If the city moves ahead with a controversial proposal to expand gaming at Woodbine Racetrack it should also reduce the hours at the Etobicoke facility to help minimize social costs, a report from the city’s medical officer of health suggests.

The report from Dr. David McKeown calls on council to maintain its May, 2013 resolution opposing any expanded gaming in Toronto but it also says that if consent is given for the addition of table games at Woodbine it should be conditional on the hours of operation being limited to no more than 18 hours a day.

Currently the electronic gaming machines at Woodbine are available to patrons 24 hours a day, seven days a week.

“As the board of health concluded in 2012 and 2013, the best way to prevent problem gambling increases is to not expand gambling access. Should council decide to proceed with expansion, however, it should identify harm mitigation measures and strategies to reduce problem gambling as conditions for its approval that would apply to both OLG and any future private operator,” the report states. “While Toronto Public Health has previously identified a number of measures that would be effective at lessening problem gambling, requiring any future private operator at Woodbine to maintain existing responsible gaming measures and reducing hours of operation are likely to have the greatest impact on problem gambling in relation to this facility.”

In March, council voted in favour of asking the city manager to report back to executive committee on June 30 about the economic and social implications of expanded gaming at Woodbine.

As part of that decision, council also authorized the city manager to conduct public consultations on the idea, the results of which will be included in his presentation to executive committee.
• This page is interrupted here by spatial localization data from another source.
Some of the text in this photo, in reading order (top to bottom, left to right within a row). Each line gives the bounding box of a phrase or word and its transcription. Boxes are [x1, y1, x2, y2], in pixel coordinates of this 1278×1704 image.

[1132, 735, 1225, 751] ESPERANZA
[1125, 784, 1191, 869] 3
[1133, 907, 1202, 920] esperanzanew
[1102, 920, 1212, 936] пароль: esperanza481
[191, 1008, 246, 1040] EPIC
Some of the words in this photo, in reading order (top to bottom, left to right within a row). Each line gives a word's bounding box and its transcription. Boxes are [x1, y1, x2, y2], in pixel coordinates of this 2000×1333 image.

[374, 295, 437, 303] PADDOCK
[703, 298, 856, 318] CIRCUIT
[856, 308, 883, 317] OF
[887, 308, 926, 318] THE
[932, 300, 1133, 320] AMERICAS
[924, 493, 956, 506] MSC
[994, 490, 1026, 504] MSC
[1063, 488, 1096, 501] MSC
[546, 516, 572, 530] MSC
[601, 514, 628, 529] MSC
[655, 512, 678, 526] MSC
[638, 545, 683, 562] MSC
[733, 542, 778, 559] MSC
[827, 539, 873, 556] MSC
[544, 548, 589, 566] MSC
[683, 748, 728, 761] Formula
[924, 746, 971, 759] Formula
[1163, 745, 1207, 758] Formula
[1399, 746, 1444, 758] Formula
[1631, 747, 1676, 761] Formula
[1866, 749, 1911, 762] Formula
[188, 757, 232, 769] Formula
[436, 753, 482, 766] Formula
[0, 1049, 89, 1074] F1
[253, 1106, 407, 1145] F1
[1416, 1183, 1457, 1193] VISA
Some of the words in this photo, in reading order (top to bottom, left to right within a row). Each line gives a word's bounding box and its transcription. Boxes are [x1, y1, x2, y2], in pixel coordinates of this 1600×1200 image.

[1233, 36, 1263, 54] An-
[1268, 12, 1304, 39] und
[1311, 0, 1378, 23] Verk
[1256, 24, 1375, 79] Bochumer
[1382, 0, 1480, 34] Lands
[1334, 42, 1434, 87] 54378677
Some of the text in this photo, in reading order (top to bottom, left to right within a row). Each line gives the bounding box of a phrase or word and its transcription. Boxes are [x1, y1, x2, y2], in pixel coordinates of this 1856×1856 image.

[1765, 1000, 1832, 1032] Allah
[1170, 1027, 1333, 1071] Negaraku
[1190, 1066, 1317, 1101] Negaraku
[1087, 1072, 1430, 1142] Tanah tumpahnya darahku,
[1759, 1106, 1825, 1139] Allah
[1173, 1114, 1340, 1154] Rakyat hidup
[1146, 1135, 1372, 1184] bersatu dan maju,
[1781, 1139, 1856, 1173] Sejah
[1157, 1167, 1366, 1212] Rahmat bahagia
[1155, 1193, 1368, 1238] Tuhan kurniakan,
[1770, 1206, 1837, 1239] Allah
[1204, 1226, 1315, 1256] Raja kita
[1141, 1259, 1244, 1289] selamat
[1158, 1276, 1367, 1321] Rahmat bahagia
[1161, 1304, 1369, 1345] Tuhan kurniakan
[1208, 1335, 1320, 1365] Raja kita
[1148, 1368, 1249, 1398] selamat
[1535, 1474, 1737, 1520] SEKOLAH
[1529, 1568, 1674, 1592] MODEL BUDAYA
In his report McKeown said that while the expansion of gaming at Woodbine would attract some tourists, the majority of new patrons would come from Rexdale and the surrounding area, which would be “more vulnerable to the impacts of problem gambling” due to below average income levels.

“A review of gambling studies reported that lower income people contribute a higher proportion of their income to gambling than people in middle and high income groups. Furthermore, recent estimates indicate that Ontario problem gamblers currently account for 24% of the expenditure on government-sponsored gambling, with this proportion being even higher for casino table games and electronic gambling machines. This suggests a large part of gambling spending in Ontario is coming from a small group of vulnerable people,” the report said.

McKeown’s report will be considered by the board of health on Monday.